The answer is the data below, repeated exactly, with no pictures included.

Phrase grounding data:
################
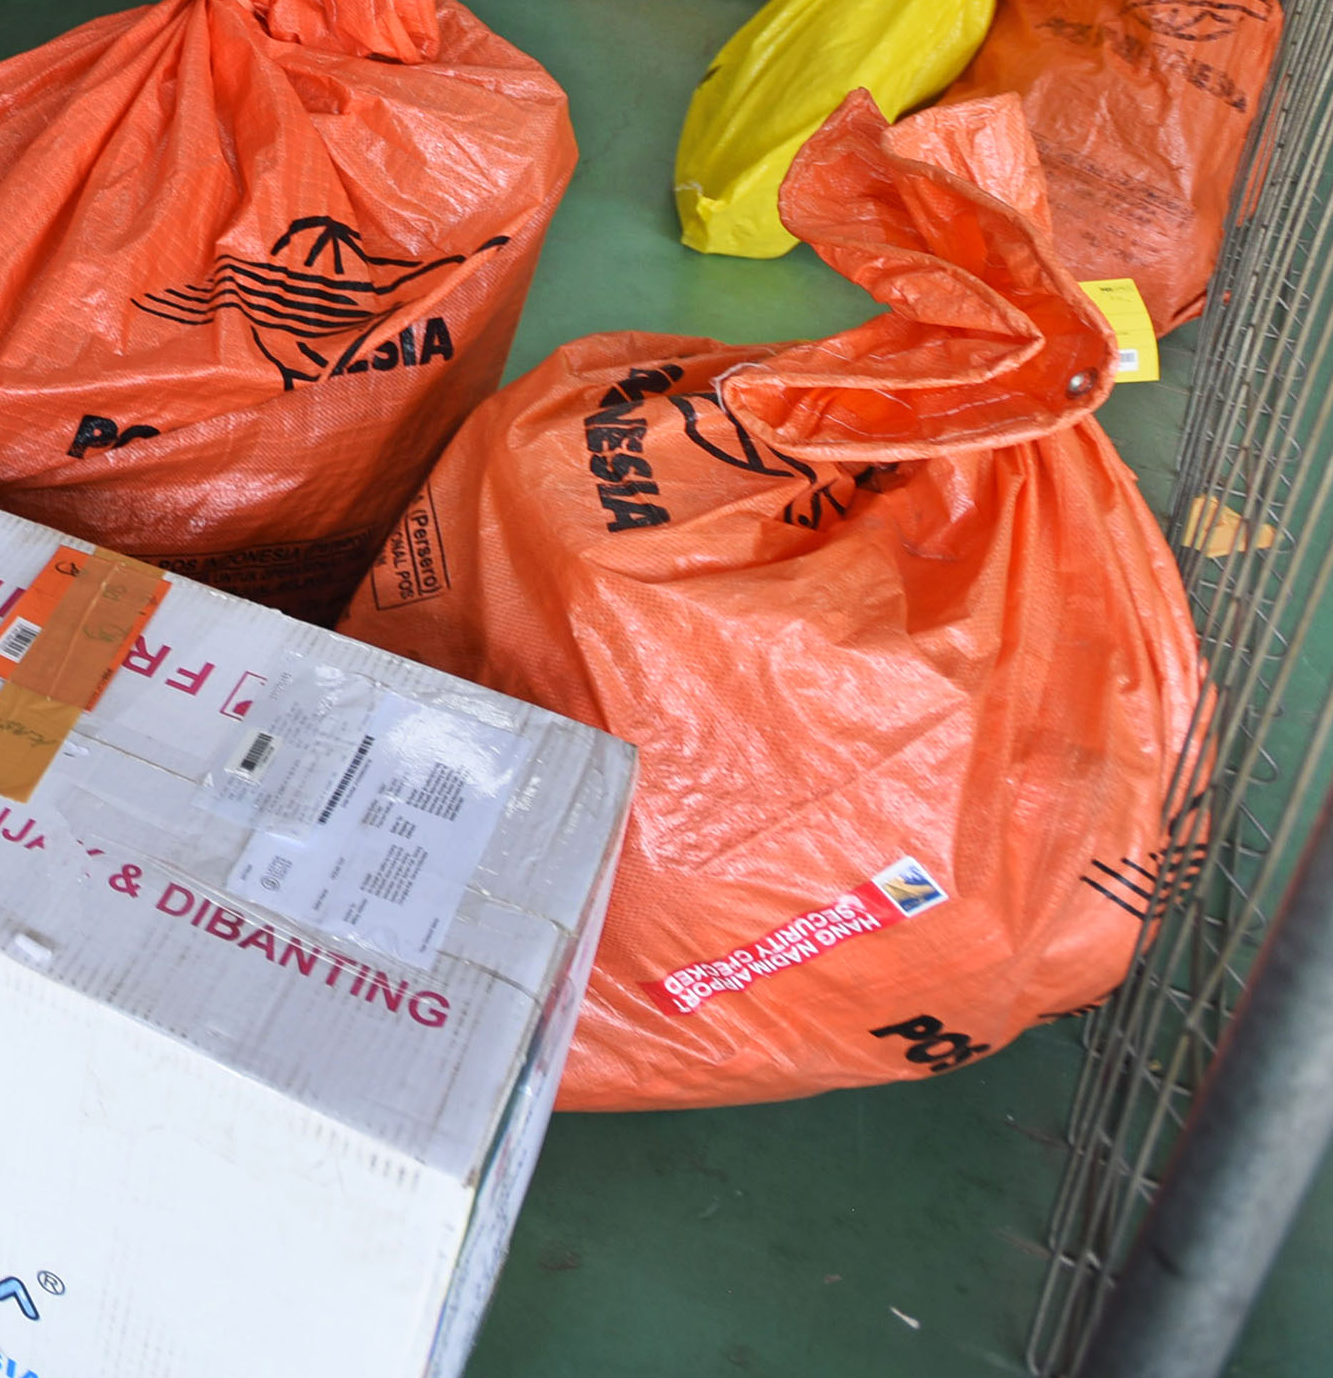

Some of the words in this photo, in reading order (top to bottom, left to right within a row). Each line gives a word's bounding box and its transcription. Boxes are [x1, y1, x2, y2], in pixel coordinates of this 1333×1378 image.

[411, 508, 444, 595] (Persero)
[108, 863, 144, 899] &
[156, 882, 452, 1029] DIBANTING
[755, 902, 857, 959] SECURITY
[814, 911, 882, 948] HANG
[748, 939, 820, 976] NADIM
[672, 971, 753, 1014] AIRPORT
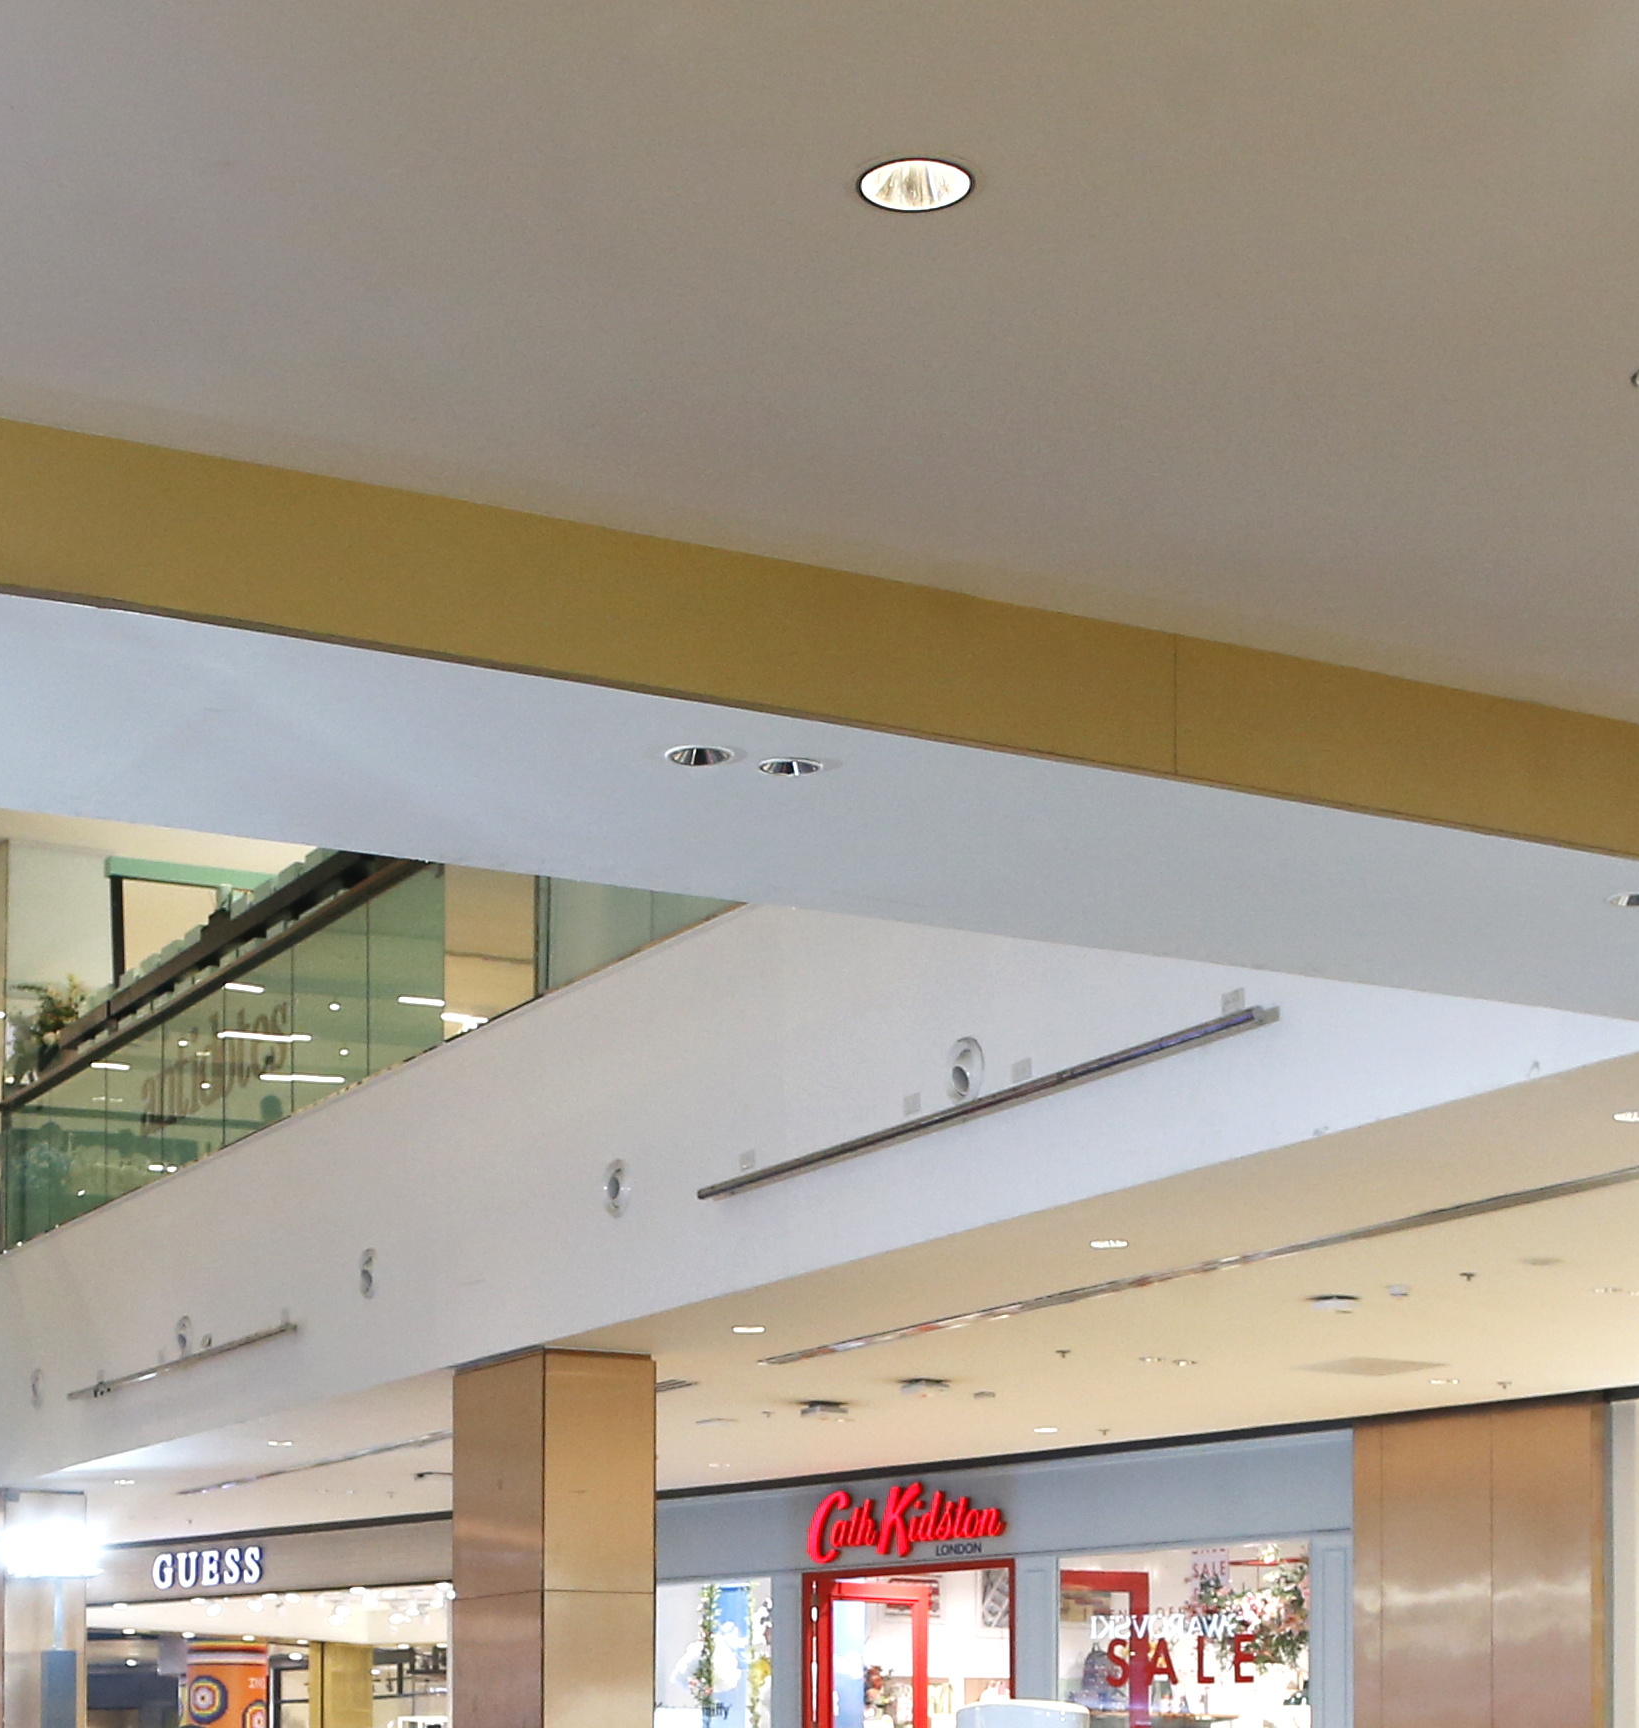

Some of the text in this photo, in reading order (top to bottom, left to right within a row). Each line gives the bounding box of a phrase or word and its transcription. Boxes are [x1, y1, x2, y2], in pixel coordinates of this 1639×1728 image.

[807, 1481, 1006, 1564] Cath Kidston
[152, 1546, 262, 1590] GUESS
[936, 1543, 982, 1556] LONDON
[1191, 1560, 1227, 1578] SALE
[1106, 1634, 1255, 1688] SALE
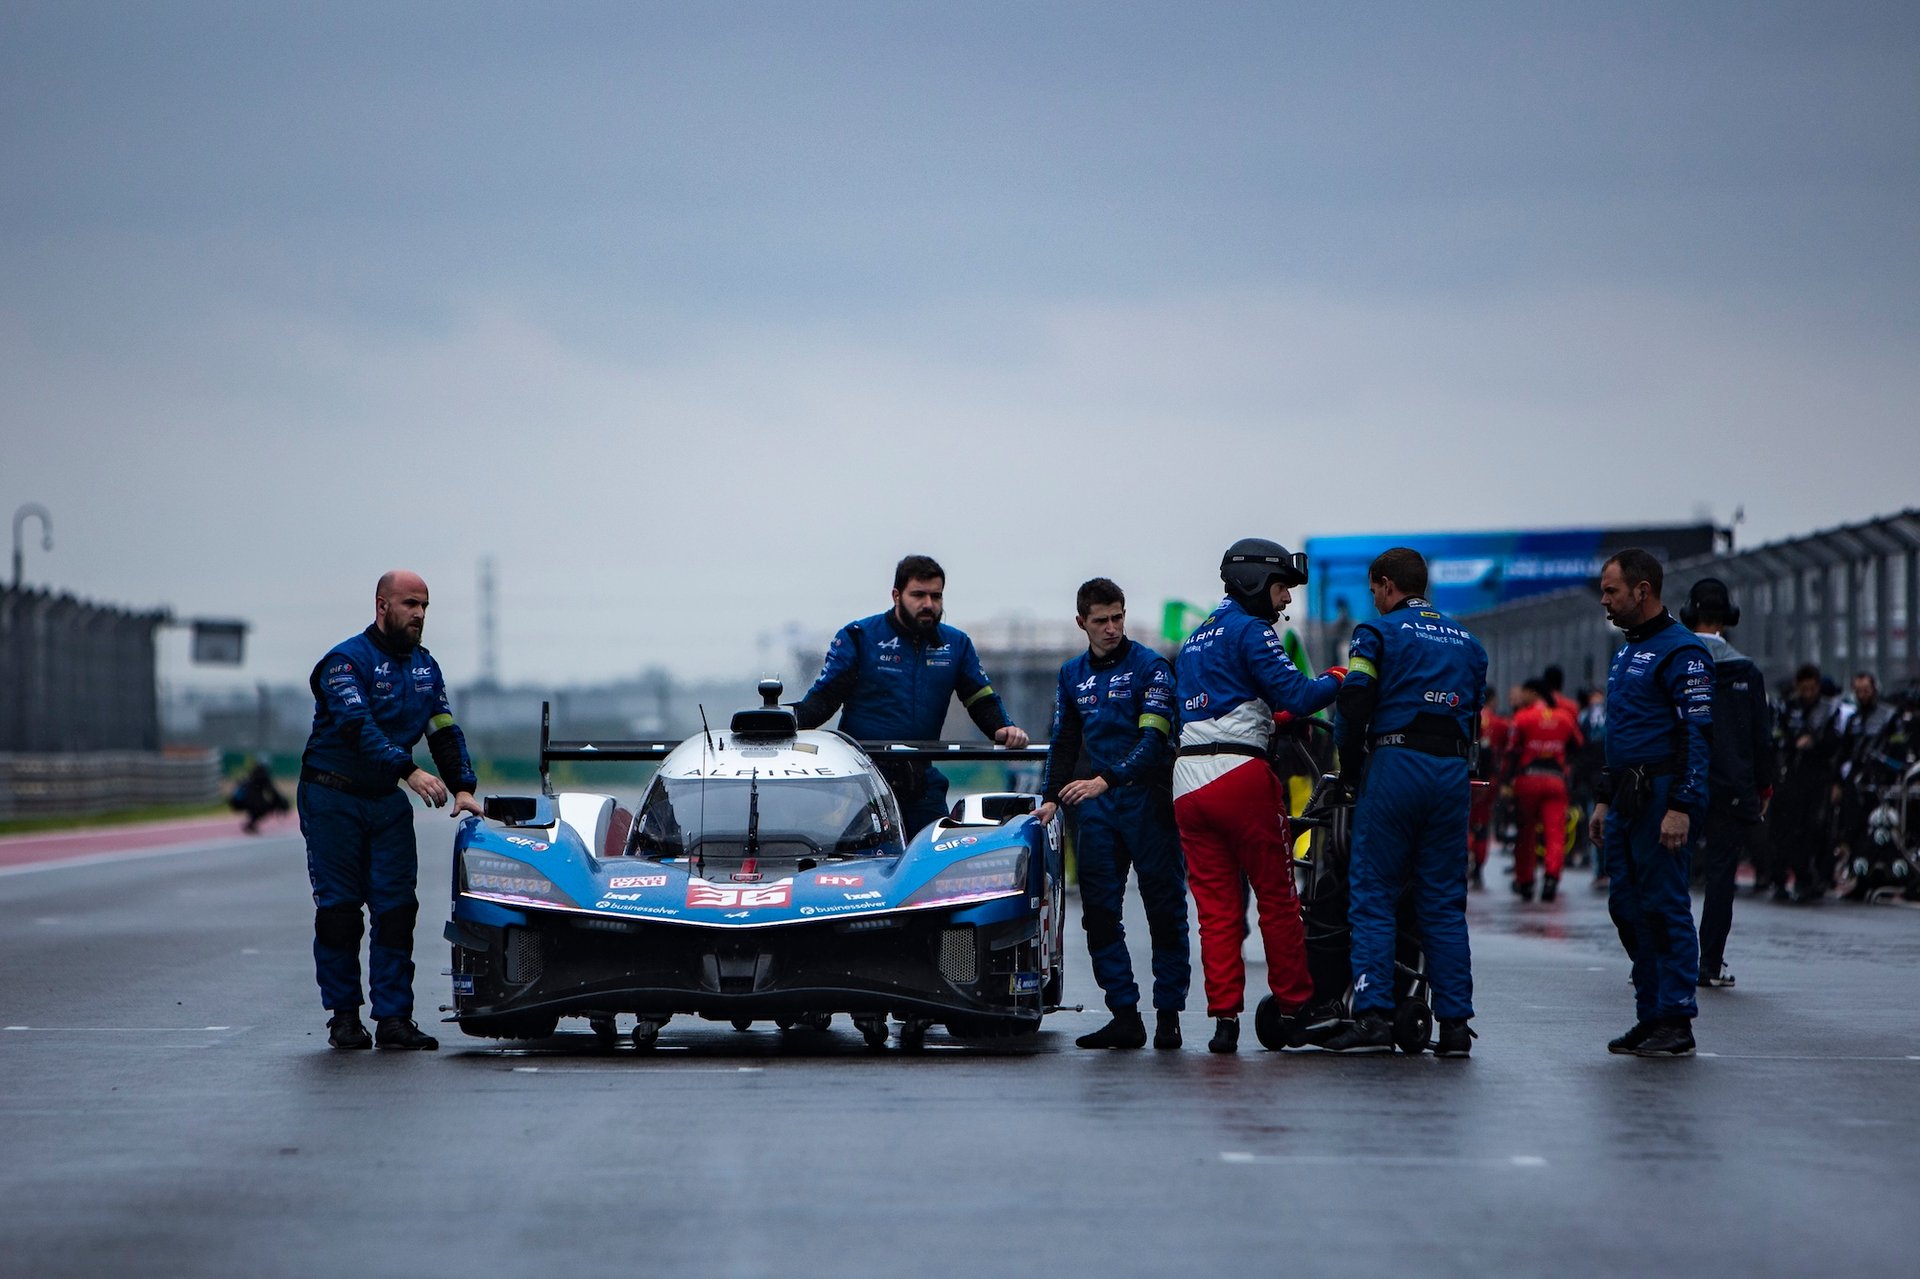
################
## Response
Some of the words in this photo, in reading order (top to bottom, left to right within a row). Each line gives a word's bounding box and its transcription. Boxes are [x1, y1, x2, y2], in pixel coordinates of this 1333×1378 image.

[411, 508, 444, 595] (Persero)
[108, 863, 144, 899] &
[156, 882, 452, 1029] DIBANTING
[755, 902, 857, 959] SECURITY
[814, 911, 882, 948] HANG
[748, 939, 820, 976] NADIM
[672, 971, 753, 1014] AIRPORT

Some of the text in this photo, in reading order (top to bottom, left to right within a row). Each line gives the bounding box of a phrase or word and its transcription. Boxes are [x1, y1, x2, y2], in pixel coordinates of this 1639×1728 image.

[807, 1481, 1006, 1564] Cath Kidston
[152, 1546, 262, 1590] GUESS
[936, 1543, 982, 1556] LONDON
[1191, 1560, 1227, 1578] SALE
[1106, 1634, 1255, 1688] SALE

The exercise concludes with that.